The decision next reviews the legislative purpose of the CHCDL, which was to ensure a patient’s fundamental right to control personal and private healthcare decisions, especially at the end of life. (Id. at pp. 1145-1146.) Neither the Legislature nor a patient appointing a healthcare agent would have viewed an optional arbitration agreement as a healthcare decision under this context.

When designating a healthcare agent or making advance healthcare directives, a patient must necessarily reflect on what should happen in the unfortunate event of severe illness or death, such as whether they want life-sustaining treatment like a feeding tube or to become ventilator-dependent. A pre-dispute arbitration agreement likely does not cross one’s mind during this critical reflective process.

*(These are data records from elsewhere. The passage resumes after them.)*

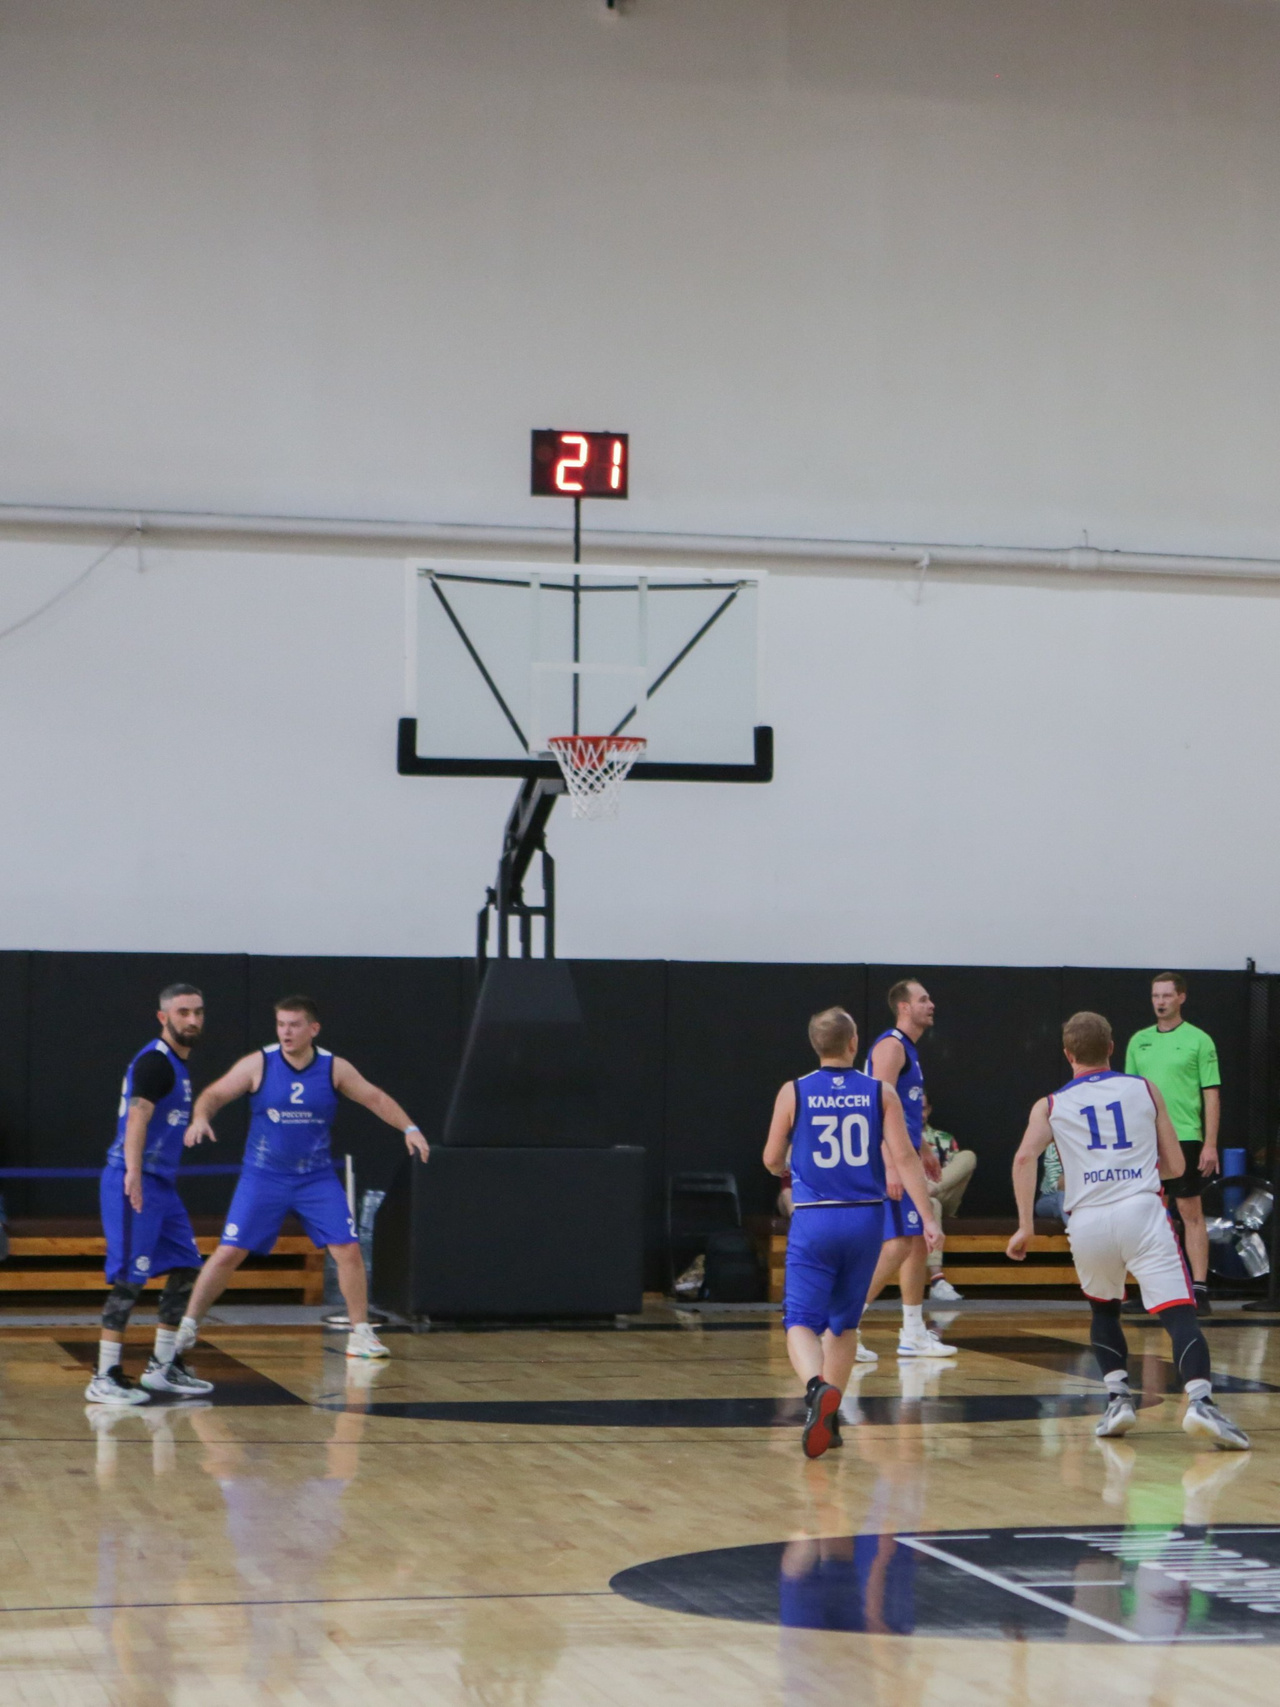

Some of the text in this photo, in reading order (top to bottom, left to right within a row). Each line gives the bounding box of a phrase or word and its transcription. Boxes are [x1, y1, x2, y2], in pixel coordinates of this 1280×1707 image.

[555, 435, 622, 491] 21
[290, 1082, 304, 1104] 2
[808, 1094, 870, 1109] КЛАССЕН
[812, 1113, 869, 1169] 30
[1079, 1100, 1133, 1150] 11
[1083, 1168, 1143, 1185] РОСАТОМ
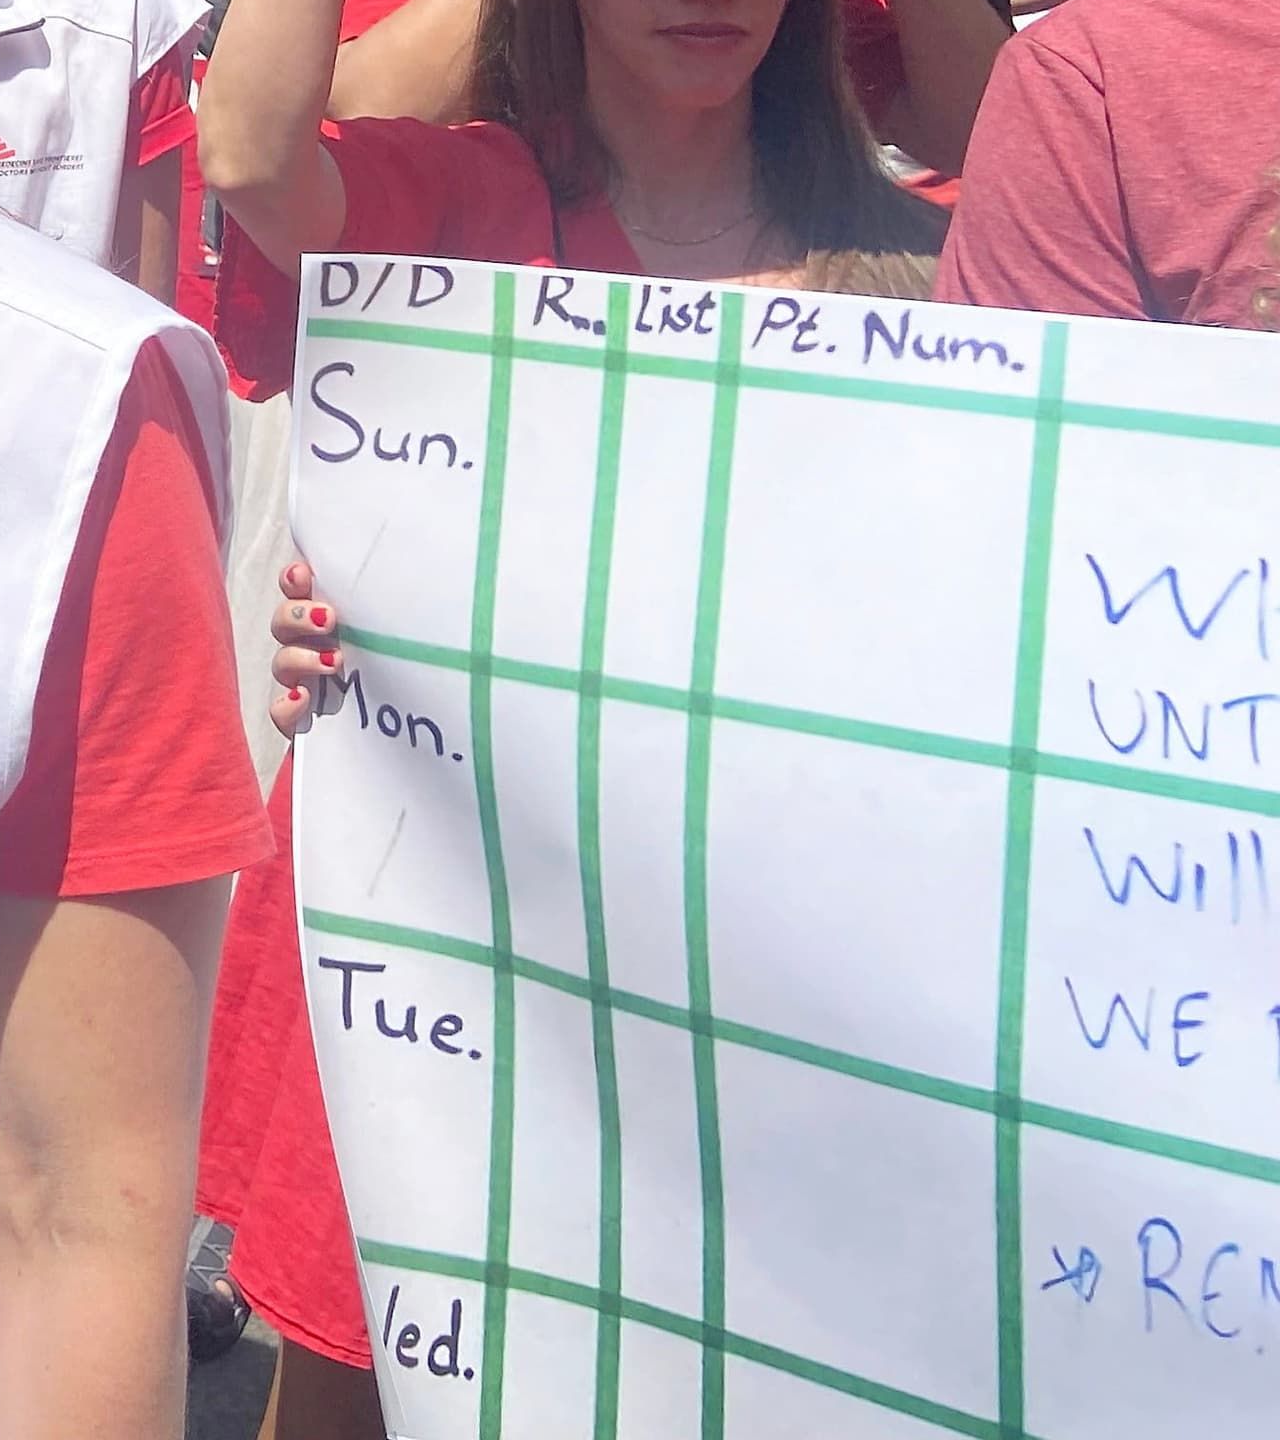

This analysis was good as our high court finally considered the circumstances unique to patients in determining whether an arbitration agreement is enforceable.

Future implications

Here is the bad. The analysis hinges entirely on the applicability of the CHCDL. It is problematic because patients may, but need not, use the statutory form to create advance healthcare directives outlined in Probate Code section 4701. (Prob. Code, § 4700.) While anyone can find and fill out the statutory form, many others utilize forms advanced by the healthcare industry. In fact, the California Medical Association drafted the form that Mr. Logan used, and the organization unsurprisingly appeared as amicus curiae to advise that healthcare decisions include an optional arbitration agreement. Our high court noted that the CHCDL “govern[s] the effect” of the writing, regardless of the form used, citing Probate Code section 4700. However, the healthcare industry is now guaranteed to manipulate its drafted form to include a broader reference to arbitration.

Additionally, the decision explains the differences between the CHCDL and the Uniform Statutory Form Power of Attorney Act. The latter provides a statutory form for durable financial powers of attorney, which commonly includes the power over “claims and litigation.” (Prob. Code, § 4401.) The rationale is that a healthcare power of attorney and a financial power of attorney are mutually exclusive, such that an agent holding the financial power of attorney has the authority to enter binding arbitration, but the healthcare agent does not.

The decision likely includes this analysis as a defensive mechanism because the Federal Arbitration Act preempts any “clear-statement rule” that a power of attorney instrument must expressly reference the waiver of a constitutional right to a jury trial and arbitration. (Kindred Nursing Centers, L.P. v. Clark (2017) 581 US 246, 250.) Our high court specifically noted that their decision “does not emerge from or reflect hostility to arbitration” since a principal or any “properly authorized agent” may agree to arbitration. (Harrod, supra, 15 Cal.5th at p. 1155, citing Madden, supra, 17 Cal.3d at p. 706.)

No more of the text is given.